Diego Oliveira

Personal information
- Full name: Diego Lochness Santos Oliveira
- Date of birth: 11 February 1987 (age 38)
- Place of birth: Camacan, Brazil
- Height: 1.74 m (5 ft 9 in)
- Position(s): Winger, Forward

Youth career
- Campo Grande
- 2000–2002: Bologna
- 2002–2005: Chievo

Senior career*
- Years: Team / Apps / (Gls)
- 2005–2008: Chievo / 0 / (0)
- 2005–2007: → Padova (loan) / 15 / (0)
- 2007–2008: → Cittadella (loan) / 29 / (2)
- 2008–2010: Cittadella / 57 / (3)
- 2010–2011: Vicenza / 11 / (0)
- 2011–2012: Venezia / 30 / (12)
- 2012–2013: Matera / 33 / (9)
- 2013–2014: Pordenone / 16 / (0)

= Diego Oliveira (footballer, born 1987) =

Brazilian footballer

Diego Lochness Santos Oliveira (born 11 February 1987) is a Brazilian footballer who plays as a forward or midfielder.

==Career==
Oliveira started his professional career at Italian Serie A side Chievo. In July 2005, he was loaned to Padova of Serie C1.

===Cittadella===
He left for Serie C1 side Cittadella on 4 July 2007 on loan with option to sign him in co-ownership deal in the next season. He won promotion playoffs with club in 2008 and promoted to Serie B. He continued to play as a substitute player after the club purchased him for €500.

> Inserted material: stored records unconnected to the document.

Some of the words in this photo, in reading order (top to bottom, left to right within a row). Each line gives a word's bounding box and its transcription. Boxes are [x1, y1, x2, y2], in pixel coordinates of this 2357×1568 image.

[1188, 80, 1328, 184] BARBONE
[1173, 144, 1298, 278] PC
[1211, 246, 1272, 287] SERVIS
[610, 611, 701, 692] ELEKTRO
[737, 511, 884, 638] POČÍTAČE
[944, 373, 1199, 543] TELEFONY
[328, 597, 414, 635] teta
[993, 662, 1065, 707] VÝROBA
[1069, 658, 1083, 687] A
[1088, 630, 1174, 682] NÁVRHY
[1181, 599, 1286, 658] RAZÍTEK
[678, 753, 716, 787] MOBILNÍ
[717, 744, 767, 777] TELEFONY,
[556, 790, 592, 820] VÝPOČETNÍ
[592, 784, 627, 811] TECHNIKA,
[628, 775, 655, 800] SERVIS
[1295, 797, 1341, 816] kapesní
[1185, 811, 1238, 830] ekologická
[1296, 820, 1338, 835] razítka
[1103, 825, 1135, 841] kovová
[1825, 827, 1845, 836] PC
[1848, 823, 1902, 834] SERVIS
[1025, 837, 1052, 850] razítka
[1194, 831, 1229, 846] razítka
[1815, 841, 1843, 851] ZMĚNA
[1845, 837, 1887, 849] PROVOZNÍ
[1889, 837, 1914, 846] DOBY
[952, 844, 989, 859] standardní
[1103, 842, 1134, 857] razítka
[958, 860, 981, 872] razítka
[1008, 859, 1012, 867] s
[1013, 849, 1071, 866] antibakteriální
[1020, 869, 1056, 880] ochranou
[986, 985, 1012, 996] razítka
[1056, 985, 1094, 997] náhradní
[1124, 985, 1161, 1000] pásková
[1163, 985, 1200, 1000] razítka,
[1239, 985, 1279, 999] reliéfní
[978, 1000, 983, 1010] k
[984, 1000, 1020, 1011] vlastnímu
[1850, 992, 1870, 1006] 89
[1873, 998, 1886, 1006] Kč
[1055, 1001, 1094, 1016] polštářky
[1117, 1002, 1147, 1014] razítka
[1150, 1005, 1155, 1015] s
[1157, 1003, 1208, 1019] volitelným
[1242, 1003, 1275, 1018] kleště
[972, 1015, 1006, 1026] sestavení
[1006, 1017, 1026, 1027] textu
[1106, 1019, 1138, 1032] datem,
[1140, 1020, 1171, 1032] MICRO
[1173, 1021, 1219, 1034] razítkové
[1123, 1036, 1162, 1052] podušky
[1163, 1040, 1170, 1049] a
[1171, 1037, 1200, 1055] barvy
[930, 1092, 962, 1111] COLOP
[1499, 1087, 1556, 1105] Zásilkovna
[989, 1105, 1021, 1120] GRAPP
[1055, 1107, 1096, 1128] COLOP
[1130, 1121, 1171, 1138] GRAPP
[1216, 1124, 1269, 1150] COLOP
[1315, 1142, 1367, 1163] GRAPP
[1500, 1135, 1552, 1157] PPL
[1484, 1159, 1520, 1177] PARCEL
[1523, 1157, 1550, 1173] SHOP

On 26 June 2009, Chievo bought him back for an undisclosed fee, but on 24 July 2009 returned to Cittadella in another co-ownership deal for €500. Cittadella later signed Antimo Iunco on loan and signed Oliveira outright ; it sold Manuel Iori to Chievo in co-ownership deal. Oliveira started 13 Serie B matches and also played 10 league matches as substitute.

===Vicenza===
On 1 July 2010, he was signed by fellow Serie B side Vicenza in 3-year contract, for €130,000 (direct swap with Julián Magallanes who tagged for €130,000).

On 27 January 2011, he mutually terminated his contract to return to Brazil.

On 9 August 2011 he accepted to play in Serie D for Venezia thanks to the insistence of the Director of Football Oreste Cinquini, who previously took Oliveira in Italy when he was only thirteen.